3 Disastrous Decisions When Buying a House
Buying a house can be a life changing decision for you and your family, even with falling house prices. Along with a mortgage there are legal fees, stamp duty, removal costs, and if you are selling there is a nice big estate agent fee as well. That’s a lot of money and time and effort, so it is vital to get it right. There are 3 basic decisions/guidelines that can easily be ignored or got wrong, which can make the dream purchase turn sour.
Location – nice house shame about the neighbours
You have discovered the perfect house. The layout is just right with a fantastic conservatory, and not much decorating required. The kid’s rooms are just perfect. But what about the local facilities? Is there a suitable school nearby? Are shops within a reasonable distance? Is the property located on a suitable road?
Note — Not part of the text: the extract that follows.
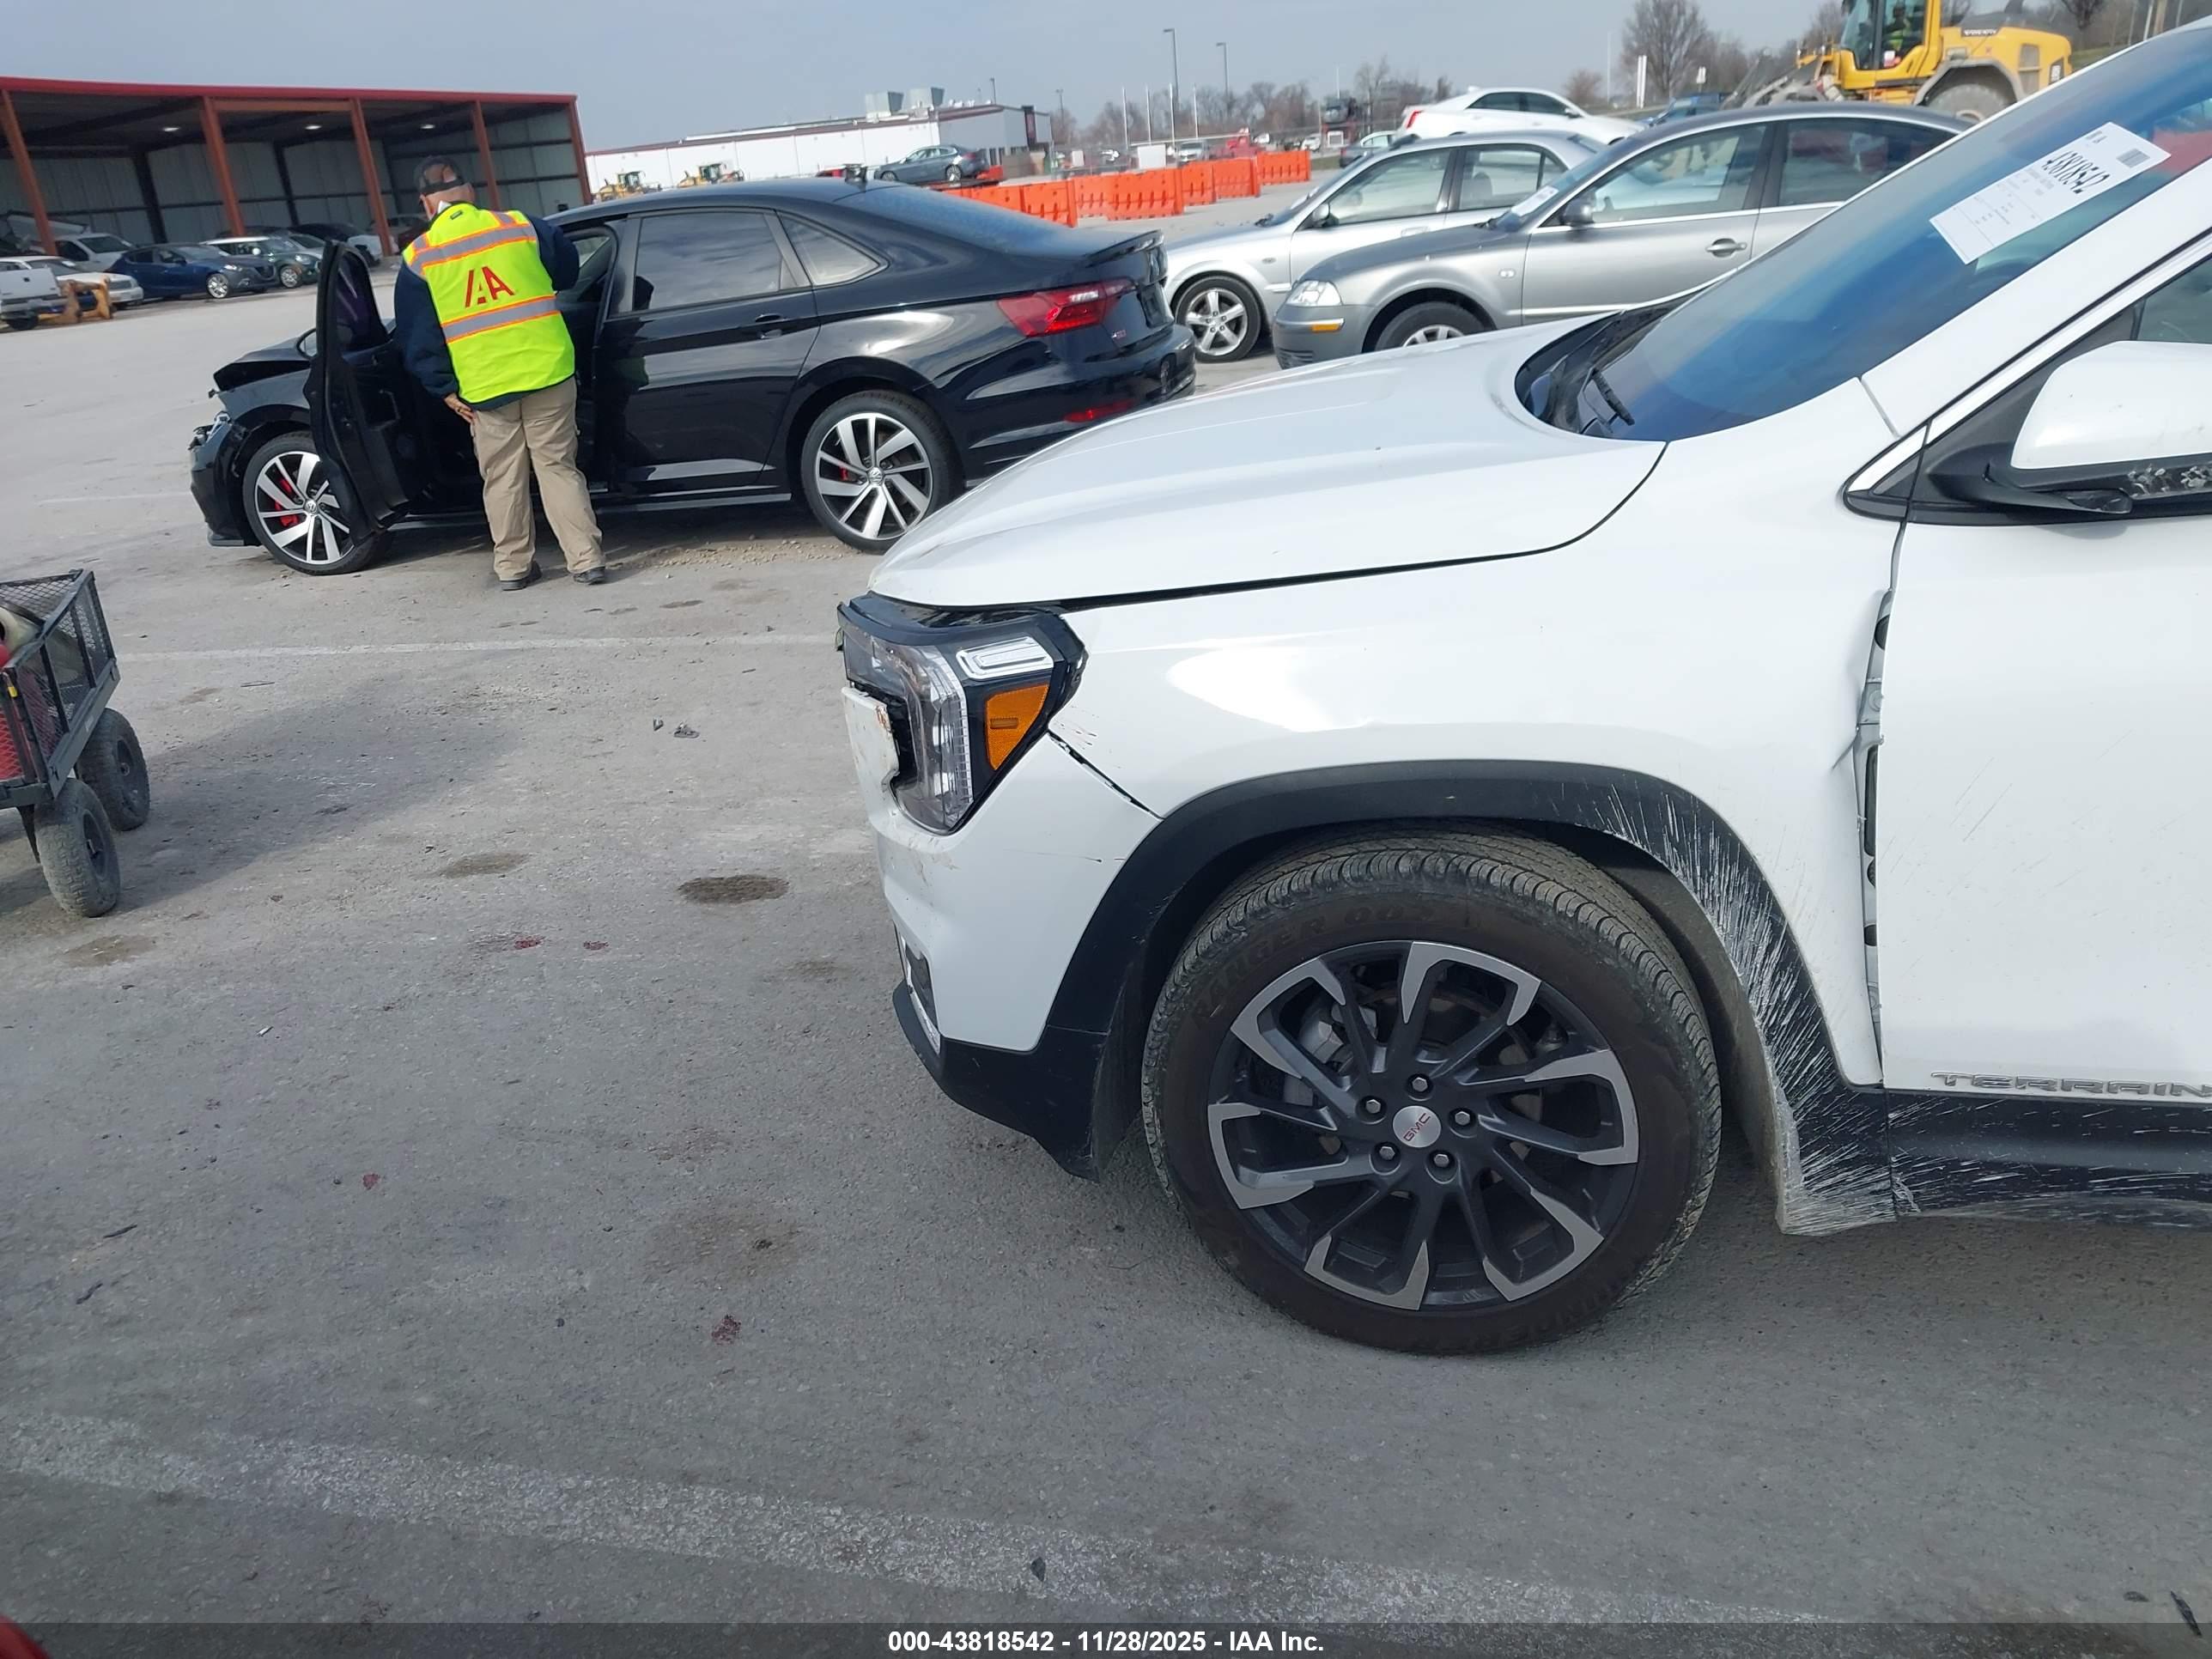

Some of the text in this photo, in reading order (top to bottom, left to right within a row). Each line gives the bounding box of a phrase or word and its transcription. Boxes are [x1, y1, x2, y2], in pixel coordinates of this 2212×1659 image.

[2041, 150, 2111, 194] 43818542
[1931, 1073, 2212, 1097] TERRAIN
[1403, 1113, 1431, 1142] GMC
What are the neighbours like?
It’s the easiest thing to go with emotion when buying a house and purchase a property purely on the property itself - the ‘dream home’. However location, location, location is just as important, and not doing the homework can prove to be disastrous.
Affordability – not planning.
Before deciding on a property it’s important to set a budget based on affordability, which may mean seeking professional advice to get to the bottom of your finances. Viewing a property out of the budget range and blindly going for it can be crippling. Different lenders have different lending criteria and choosing a lender purely based on the maximum that can be borrowed may mean a much higher rate of interest and high fees, meaning not only is more being borrowed than can really be afforded but the cost of the loan is more than it need be. Again it can be the heart ruling the head buying a house you can’t really afford.
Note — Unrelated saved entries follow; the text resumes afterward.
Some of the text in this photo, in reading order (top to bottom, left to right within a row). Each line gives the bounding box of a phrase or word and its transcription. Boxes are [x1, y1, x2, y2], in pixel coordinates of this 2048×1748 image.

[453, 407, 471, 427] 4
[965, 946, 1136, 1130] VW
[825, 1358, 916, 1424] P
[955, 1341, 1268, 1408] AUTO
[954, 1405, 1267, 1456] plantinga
Tunnel Vision – Not taking on as much advice as possible from a variety of sources.
The classic is “i’ve always banked with Acme Building Society, they’ll sort me out…” or “never trust a broker!”. The point is glean as much information as possible across the whole market through a variety of sources, looking at rates, setup fees, redemption fees, terms and conditions etc. The likelihood is you’ll probably end up coming back to the same 2-3 products, but you’ll be able to make a fully informed and confident final decision. Buying a house and changing your mind a few months down the road will be an expensive mistake.